Imidazopyridines as the kinases inhibitors
In comparison to other purine bioisosteres, imidazo[4,5-b]pyridine and imidazo[4,5-c]pyridine are relatively unexplored core heterocycles included in the ligands of protein-kinases. Inspired by this fact, we designed imidazopyridines as inhibitors of Bruton’s tyrosine kinase (BTK) (Eur. J. Med. Chem. 2021, 211, 113094). Two alternative synthetic routes for the simple preparation of desired compounds with variable substitutions at the N1, C4, C6 positions were introduced with readily available building blocks. Further, the developed synthetic approach was feasible for isomeric compounds bearing imidazo[4,5-b]pyridine scaffolds. In contrast to expectations based on previous studies, the imidazo[4,5-c]pyridine inhibitor exhibited a significantly higher activity against BTK compared to its imidazo[4,5-b]pyridine isomer. An inherent SAR study in the series of imidazo[4,5-c]pyridine compounds revealed a remarkably high tolerance of C6 substitutions for both hydrophobic and hydrophilic substituents. Preliminary cellular experiments indicated selective BTK targeting in Burkitt lymphoma and mantle cell lymphoma cell lines. The inhibitors could thus serve as starting points for further development, eventually leading to BTK inhibitors that could be used after ibrutinib failure.

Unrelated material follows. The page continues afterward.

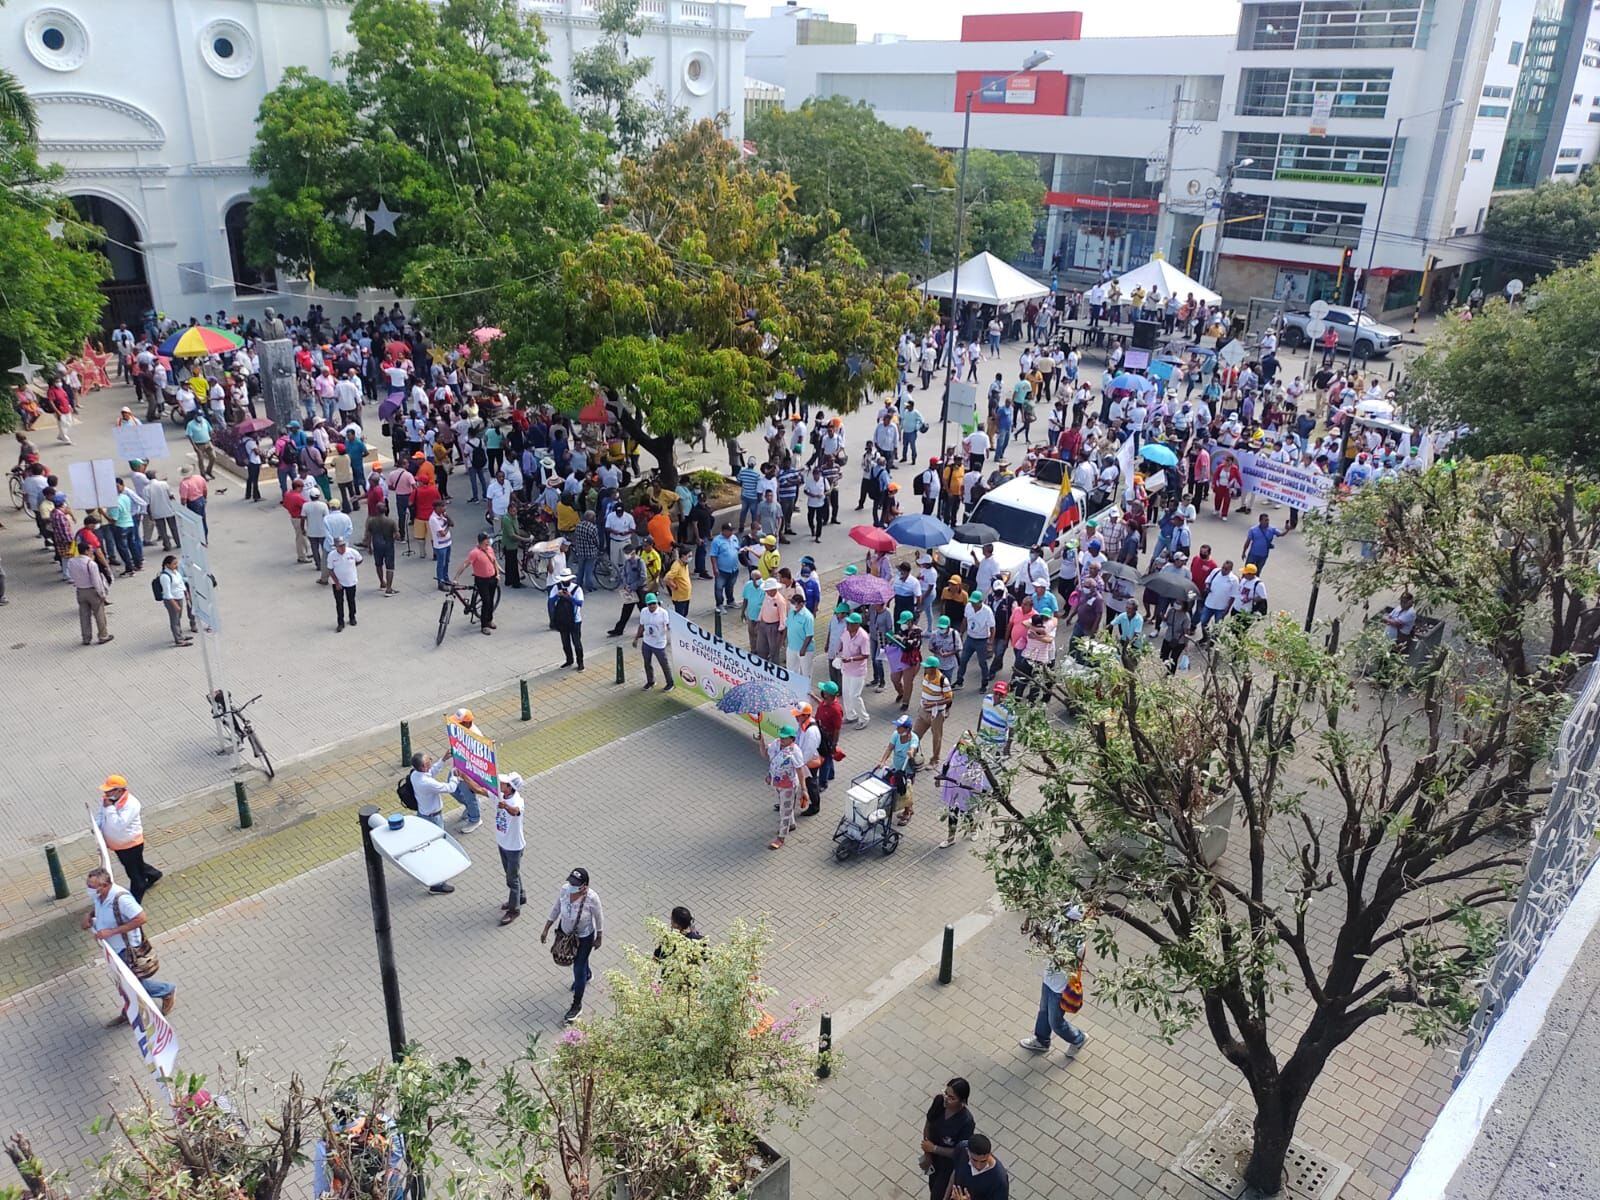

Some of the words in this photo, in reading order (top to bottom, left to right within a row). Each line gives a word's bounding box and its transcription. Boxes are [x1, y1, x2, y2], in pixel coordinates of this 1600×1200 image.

In the next study, we designed and prepared five isosteres in which the imidazo[1,2-a]pyrazine scaffold of entospletinib was altered to pyrazolo[3,4-d]pyrimidine, pyrrolo[3,2-d]pyrimidine, imidazo[4,5-b]pyridine, imidazo[4,5-c]pyridine and purine (Eur. J. Med. Chem. 2020, 204, 112636). The last two isosteres were the most potent SYK inhibitors, with IC50 values in the mid-nanomolar range. Importantly, three compounds also inhibited BTK more effectively than did entospletinib. Further experiments then showed that BCR signalling was suppressed in Ramos cells by the potent compounds. Preliminary kinase inhibition screening also revealed LCK and SRC as additional targets. Our results further support the hypothesis that multikinase targeting compounds could produce more robust responses in the treatment of B lymphoid neoplasms.